Ob das Volksbegehren Erfolg hat? Brock ist zuversichtlich. "Wenn wir es nicht für umsetzbar hielten, würden wir es nicht machen", sagt der junge Ökologe. Dass die Aktion viele Menschen interessiert, zeigte sich schon beim Antrag auf Zulassung des Volksbegehrens. 25.000 Unterschriften waren dafür nötig. 94.000 Menschen haben unterzeichnet - "mehr als sein muss". Trotzdem kommt bis 13. Februar "harte Arbeit" auf ihn zu.

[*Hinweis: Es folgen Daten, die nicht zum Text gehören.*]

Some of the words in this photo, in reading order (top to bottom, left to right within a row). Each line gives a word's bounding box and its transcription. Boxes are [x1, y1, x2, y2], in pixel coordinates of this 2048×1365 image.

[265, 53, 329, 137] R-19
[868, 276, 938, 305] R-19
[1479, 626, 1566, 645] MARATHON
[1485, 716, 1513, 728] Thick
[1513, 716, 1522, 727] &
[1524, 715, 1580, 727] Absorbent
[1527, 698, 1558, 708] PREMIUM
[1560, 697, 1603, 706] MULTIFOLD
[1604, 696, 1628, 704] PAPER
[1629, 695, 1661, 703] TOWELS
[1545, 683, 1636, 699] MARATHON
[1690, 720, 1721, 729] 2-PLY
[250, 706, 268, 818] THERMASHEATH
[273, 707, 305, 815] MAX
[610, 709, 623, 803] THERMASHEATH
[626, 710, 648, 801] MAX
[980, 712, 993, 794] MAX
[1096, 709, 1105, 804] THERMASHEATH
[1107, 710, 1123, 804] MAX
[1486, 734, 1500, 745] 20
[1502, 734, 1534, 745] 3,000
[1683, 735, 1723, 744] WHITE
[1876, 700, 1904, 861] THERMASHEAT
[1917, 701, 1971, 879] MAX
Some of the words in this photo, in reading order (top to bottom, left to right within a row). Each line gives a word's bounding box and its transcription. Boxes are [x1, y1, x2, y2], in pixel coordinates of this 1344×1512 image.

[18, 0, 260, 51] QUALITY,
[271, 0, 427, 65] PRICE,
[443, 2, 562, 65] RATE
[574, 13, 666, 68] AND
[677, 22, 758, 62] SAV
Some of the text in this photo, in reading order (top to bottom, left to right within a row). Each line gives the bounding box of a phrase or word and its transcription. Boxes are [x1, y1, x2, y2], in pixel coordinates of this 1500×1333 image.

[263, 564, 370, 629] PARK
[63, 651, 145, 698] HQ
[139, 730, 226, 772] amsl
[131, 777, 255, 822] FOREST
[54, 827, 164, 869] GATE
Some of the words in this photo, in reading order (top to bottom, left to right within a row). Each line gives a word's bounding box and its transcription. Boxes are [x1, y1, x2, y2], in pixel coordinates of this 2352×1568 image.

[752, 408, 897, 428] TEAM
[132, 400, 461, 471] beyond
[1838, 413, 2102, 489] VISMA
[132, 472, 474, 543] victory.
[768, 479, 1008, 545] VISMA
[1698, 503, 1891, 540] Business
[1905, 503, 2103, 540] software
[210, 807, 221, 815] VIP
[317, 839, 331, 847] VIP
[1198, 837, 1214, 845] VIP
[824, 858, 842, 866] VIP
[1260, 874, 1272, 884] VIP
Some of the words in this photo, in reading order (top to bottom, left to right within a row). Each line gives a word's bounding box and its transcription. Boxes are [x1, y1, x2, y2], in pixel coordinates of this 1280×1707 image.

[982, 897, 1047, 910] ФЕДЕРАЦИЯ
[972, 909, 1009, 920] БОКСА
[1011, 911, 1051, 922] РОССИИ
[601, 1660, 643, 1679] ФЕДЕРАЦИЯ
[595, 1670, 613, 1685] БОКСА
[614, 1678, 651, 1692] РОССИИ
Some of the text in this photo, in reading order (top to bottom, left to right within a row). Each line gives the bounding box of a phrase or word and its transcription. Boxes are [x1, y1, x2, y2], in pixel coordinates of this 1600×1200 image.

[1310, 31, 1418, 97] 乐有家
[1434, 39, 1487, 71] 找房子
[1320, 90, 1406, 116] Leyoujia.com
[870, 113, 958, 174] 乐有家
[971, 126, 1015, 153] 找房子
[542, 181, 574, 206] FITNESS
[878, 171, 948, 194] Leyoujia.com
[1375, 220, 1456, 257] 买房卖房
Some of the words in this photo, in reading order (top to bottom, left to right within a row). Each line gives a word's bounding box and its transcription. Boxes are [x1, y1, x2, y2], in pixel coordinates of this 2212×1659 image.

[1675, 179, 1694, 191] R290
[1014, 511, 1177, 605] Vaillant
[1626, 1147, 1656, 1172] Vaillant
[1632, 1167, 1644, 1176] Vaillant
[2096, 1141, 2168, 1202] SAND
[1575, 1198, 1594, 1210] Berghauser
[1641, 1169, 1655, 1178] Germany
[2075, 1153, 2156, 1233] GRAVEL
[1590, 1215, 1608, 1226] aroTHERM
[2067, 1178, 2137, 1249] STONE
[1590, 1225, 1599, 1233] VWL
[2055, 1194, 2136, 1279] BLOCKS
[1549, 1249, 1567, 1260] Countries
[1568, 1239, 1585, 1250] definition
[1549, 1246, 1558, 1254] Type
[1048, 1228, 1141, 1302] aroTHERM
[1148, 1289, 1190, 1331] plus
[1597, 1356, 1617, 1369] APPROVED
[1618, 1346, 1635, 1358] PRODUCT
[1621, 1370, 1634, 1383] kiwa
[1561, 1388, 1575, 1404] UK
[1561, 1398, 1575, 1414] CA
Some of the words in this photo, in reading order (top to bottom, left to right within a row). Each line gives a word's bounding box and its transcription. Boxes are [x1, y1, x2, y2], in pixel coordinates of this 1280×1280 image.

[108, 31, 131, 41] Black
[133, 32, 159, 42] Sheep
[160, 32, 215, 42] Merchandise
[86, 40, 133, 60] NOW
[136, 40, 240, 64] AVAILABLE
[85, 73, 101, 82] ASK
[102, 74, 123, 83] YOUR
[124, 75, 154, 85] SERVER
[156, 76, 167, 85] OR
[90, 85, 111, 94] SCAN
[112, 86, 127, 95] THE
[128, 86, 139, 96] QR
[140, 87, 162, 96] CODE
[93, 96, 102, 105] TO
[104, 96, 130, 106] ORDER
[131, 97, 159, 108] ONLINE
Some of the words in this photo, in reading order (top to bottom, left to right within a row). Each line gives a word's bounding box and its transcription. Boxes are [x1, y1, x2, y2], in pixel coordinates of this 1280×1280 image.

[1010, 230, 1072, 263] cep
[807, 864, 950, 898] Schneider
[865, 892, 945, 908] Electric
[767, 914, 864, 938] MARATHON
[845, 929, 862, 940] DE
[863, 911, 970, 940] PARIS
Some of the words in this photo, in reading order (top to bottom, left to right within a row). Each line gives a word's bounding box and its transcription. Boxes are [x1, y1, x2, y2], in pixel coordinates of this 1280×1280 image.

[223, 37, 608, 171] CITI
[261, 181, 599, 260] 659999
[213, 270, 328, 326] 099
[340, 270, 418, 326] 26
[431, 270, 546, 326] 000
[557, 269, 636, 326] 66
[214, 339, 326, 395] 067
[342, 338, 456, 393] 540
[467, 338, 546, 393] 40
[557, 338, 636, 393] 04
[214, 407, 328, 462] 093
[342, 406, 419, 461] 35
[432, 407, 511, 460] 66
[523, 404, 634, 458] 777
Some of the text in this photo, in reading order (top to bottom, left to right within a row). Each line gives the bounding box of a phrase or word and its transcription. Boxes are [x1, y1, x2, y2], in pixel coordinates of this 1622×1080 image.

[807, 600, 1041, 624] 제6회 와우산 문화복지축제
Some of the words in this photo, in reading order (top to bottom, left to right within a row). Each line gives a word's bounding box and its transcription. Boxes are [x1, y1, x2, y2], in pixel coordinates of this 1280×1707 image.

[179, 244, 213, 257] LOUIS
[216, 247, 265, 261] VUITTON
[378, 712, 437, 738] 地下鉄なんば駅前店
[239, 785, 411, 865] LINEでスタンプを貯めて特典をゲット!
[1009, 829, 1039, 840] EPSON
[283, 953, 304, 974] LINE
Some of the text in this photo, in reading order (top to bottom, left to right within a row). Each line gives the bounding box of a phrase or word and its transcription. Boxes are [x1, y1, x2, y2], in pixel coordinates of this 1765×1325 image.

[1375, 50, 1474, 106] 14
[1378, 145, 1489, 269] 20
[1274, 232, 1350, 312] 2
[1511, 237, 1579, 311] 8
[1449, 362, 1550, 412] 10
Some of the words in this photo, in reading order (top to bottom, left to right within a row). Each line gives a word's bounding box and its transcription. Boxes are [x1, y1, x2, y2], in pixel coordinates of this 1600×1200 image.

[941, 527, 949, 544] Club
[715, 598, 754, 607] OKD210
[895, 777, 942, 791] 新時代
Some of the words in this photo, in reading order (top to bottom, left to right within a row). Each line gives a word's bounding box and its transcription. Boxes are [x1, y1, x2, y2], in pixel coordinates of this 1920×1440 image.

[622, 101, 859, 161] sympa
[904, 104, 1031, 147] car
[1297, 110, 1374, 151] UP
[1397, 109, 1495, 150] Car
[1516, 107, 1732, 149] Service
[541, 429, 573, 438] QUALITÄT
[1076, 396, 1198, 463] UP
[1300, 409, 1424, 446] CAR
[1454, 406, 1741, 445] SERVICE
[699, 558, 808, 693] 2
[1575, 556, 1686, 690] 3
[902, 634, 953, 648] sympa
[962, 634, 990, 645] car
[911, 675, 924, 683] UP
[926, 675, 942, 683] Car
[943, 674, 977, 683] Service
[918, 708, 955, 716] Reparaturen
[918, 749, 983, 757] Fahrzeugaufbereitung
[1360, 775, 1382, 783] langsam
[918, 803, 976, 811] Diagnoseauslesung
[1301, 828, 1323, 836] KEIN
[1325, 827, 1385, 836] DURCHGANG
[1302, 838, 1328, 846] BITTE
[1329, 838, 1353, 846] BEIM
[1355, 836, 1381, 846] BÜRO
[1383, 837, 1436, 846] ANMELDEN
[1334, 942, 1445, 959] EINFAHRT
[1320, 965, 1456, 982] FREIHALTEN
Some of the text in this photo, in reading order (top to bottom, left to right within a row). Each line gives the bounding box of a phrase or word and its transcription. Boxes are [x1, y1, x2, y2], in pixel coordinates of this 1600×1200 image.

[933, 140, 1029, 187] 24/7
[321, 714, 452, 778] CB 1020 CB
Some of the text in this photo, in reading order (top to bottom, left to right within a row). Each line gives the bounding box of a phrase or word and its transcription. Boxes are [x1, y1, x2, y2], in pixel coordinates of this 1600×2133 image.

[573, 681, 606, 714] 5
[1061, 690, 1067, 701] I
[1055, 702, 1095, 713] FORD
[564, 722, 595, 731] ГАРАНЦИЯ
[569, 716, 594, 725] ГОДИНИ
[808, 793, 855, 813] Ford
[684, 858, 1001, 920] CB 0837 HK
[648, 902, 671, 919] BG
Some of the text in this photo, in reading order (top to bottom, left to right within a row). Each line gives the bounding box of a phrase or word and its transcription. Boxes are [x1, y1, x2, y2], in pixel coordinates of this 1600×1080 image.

Mehr Infos zum Volksbegehren und zu den Gesetzesvorschlägen

Mehr Infos zu Volksentscheid und Volksbegehren

Rathausfinder:

Die Listen für die Unterschriften für das Volksbegehren liegen von Donnerstag, 31. Januar, bis Mittwoch, 13. Februar, in den Rathäusern oder Eintragungslokalen aus. Im Internet kann man mit dem „Rathausfinder“ sein Rathaus oder das Lokal suchen. Mit angegeben ist sind die für den Zeitraum des Volksbegehrens geltenden Öffnungszeiten und die Raumnummern, in denen die Listen ausliegen. Wer sich nicht im Rathaus seiner Wohnsitzgemeinde eintragen kann, sondern das in einem anderen Ort erledigen will, benötigt laut Bayerischem Innenministerium einen Eintragungsschein. Den gibt es im Rathaus der Gemeinde, in der der Wähler gemeldet ist. Man muss ihn schriftlich beantragen. Das sei auch per E-Mail möglich.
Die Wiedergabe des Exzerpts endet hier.